I don’t read parenting books. They simultaneously bore and annoy me, like watching the Canucks play in Boston. The last thing I want to do when I finally lasso my seven-year-old twins to their beds (besides watch Luongo let in another goal) is read Perfect Parenting for Dummies.
I already know I’m an idiot when it comes to parenting. I’m okay with that. So far, so are my kids, even though they are developing the ability to roll their eyes at a rather young age.
Whether or not I read parenting diatribes, I know my kids will end up in therapy some day. We all will. I’m just giving William and Vivian evidence.
Over the past week, I’ve used two parenting methods that are especially therapy-inducing:
1. Game Theory
Vivian: “Mom, will you play hide and seek with me?”
Me: “No thanks.”
Vivian: “Well what should I do then?”
Me: “Just play with your stuffed animals.”

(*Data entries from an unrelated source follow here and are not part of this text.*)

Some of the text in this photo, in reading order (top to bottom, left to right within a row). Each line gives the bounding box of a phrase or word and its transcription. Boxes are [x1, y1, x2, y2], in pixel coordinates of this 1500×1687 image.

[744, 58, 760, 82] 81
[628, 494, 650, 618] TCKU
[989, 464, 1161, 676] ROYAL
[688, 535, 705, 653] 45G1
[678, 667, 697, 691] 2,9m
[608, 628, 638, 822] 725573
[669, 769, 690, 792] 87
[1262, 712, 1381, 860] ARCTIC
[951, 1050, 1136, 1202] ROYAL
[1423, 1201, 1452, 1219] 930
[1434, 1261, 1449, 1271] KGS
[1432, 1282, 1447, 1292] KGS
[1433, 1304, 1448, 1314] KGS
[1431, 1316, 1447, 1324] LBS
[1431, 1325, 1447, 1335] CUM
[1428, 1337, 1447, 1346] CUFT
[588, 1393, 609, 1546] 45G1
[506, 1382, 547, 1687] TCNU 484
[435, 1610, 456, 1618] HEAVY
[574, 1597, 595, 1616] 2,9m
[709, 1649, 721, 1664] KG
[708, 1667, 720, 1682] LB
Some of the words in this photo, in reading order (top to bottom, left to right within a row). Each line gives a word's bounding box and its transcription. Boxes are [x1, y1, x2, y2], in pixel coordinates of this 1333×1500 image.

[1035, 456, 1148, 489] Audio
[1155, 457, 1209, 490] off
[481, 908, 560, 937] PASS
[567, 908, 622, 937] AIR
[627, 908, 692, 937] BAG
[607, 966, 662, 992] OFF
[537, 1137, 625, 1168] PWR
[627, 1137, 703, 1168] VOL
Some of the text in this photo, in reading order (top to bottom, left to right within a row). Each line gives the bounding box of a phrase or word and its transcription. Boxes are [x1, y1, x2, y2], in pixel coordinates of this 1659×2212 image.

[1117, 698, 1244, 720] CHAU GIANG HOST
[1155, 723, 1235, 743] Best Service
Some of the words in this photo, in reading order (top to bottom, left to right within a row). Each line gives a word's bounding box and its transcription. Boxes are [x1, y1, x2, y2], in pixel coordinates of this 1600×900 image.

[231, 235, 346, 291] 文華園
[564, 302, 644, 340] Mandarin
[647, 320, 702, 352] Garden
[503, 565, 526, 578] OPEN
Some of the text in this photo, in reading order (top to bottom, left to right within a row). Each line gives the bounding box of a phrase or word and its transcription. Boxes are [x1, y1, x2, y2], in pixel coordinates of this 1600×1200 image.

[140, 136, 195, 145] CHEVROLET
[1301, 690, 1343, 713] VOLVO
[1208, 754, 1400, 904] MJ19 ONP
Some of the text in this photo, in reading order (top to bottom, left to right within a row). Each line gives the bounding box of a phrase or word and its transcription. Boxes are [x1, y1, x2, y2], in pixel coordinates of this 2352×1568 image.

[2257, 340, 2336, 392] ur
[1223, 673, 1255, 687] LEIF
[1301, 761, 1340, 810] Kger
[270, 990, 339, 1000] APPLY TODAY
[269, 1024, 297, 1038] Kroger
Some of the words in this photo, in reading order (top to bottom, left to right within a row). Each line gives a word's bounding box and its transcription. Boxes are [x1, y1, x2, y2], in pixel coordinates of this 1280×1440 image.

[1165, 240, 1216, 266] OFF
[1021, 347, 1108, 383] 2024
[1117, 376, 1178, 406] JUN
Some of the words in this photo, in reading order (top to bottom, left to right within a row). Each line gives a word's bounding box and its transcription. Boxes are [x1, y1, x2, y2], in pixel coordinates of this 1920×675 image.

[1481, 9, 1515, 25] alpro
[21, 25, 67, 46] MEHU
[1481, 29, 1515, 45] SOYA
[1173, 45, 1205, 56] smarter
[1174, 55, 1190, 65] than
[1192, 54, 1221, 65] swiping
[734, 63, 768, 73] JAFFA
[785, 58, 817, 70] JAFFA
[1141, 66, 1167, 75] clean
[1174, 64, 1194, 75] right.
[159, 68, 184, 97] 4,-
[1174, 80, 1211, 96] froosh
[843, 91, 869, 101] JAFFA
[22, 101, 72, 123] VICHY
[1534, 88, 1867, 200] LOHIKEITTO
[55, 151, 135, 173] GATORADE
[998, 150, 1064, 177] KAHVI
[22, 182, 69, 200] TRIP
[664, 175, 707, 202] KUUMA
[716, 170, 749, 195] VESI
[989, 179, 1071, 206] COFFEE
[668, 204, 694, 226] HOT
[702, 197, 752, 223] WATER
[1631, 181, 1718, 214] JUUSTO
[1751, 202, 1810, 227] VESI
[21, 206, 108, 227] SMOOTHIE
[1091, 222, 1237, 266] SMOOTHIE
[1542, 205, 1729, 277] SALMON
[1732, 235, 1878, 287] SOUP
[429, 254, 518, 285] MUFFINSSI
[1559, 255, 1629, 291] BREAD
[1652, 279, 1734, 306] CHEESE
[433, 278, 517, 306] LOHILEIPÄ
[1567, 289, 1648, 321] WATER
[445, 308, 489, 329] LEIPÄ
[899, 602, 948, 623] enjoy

Vivian, after a lengthy pause: “But I’ll know where I put them.”
She adds: “And they won’t search for me.”
Me: “Just try it, really.”
2. Bedtime Manipulation
Vivian, from bedroom: “Mom, can you come tuck us in?”
Me: “I already tucked you in.”
Vivian, plodding to see me, with William behind her: “Please, mom? We’re not tucked in now.”
Me: “That’s because you got out of bed to come tell me to tuck you in.”
William: “Come on, Mom. Please?”
Me: “I might miss the Canucks letting in another goal.”
Vivian and William roll their eyes, a skill I suspect they practiced in utero.
Me: “Wait. I have an idea.”
Me: “Why don’t you take turns tucking each other in?”
Vivian and William exchange glances, then look back at me.
Vivian: “Mom, that won’t work!”
Me: “Go on. Just try it.”
And another great pantomime begins, which leads to giggles as William and Vivian visualize the silliness of the never-ending tuck in.
I chuckle too.
You know my motto: if you can’t laugh at yourself, laugh at your kids.
What techniques have you used with children that may have them (or you) in therapy some day?
If you don’t have kids, what techniques would you suggest?